Jetzt ist es so weit. Herbert Greub «fühlt sich gut» und freut sich auf das Zuhause und auf eine sorgenfreie Zeit mit seinen Liebsten. «Jeder will leben», das hatte er im Laufe der schwierigen Jahre einem Journalisten zu Protokoll gegeben. Und heute ist er einfach nur dankbar. «Ein geschenktes Leben, dessen bin ich mir bewusst. Ich bin glücklich, dass es so herausgekommen ist, und danke allen, die das ermöglicht haben und mir beigestanden sind.» Er denkt nicht nur an die Ärzte, Pflegefachkräfte und Therapeuten, sondern ganz besonders an seine liebe Ehefrau Ursula, die immer an seiner Seite stand und Unglaubliches geleistet hat. «Kraft gegeben haben mir immer aber auch die vielen Zeichen des Mittragens aus dem Umfeld des FC Ebnat-Kappel.» Möge der Frühling für die Greubs der schönste aller Zeiten werden und in eine glückliche und sorgenfreie Zukunft führen.
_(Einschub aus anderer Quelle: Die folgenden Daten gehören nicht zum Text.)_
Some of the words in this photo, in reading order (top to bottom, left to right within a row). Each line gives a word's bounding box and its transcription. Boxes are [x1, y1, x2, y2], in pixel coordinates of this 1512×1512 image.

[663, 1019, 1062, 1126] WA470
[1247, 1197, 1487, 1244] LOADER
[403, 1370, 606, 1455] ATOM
Herbert Greub erwähnte beim Gespräch noch etwas. «Es freut mich, dass durch meine Geschichte ein grösserer Kreis auf das Thema Organspenden aufmerksam gemacht werden kann. Die Liste der Spenderwilligen ist zwar immer noch zu klein, aber doch mit neuen Namen aus meinem Bekanntenkreis wenigstens etwas grösser geworden.»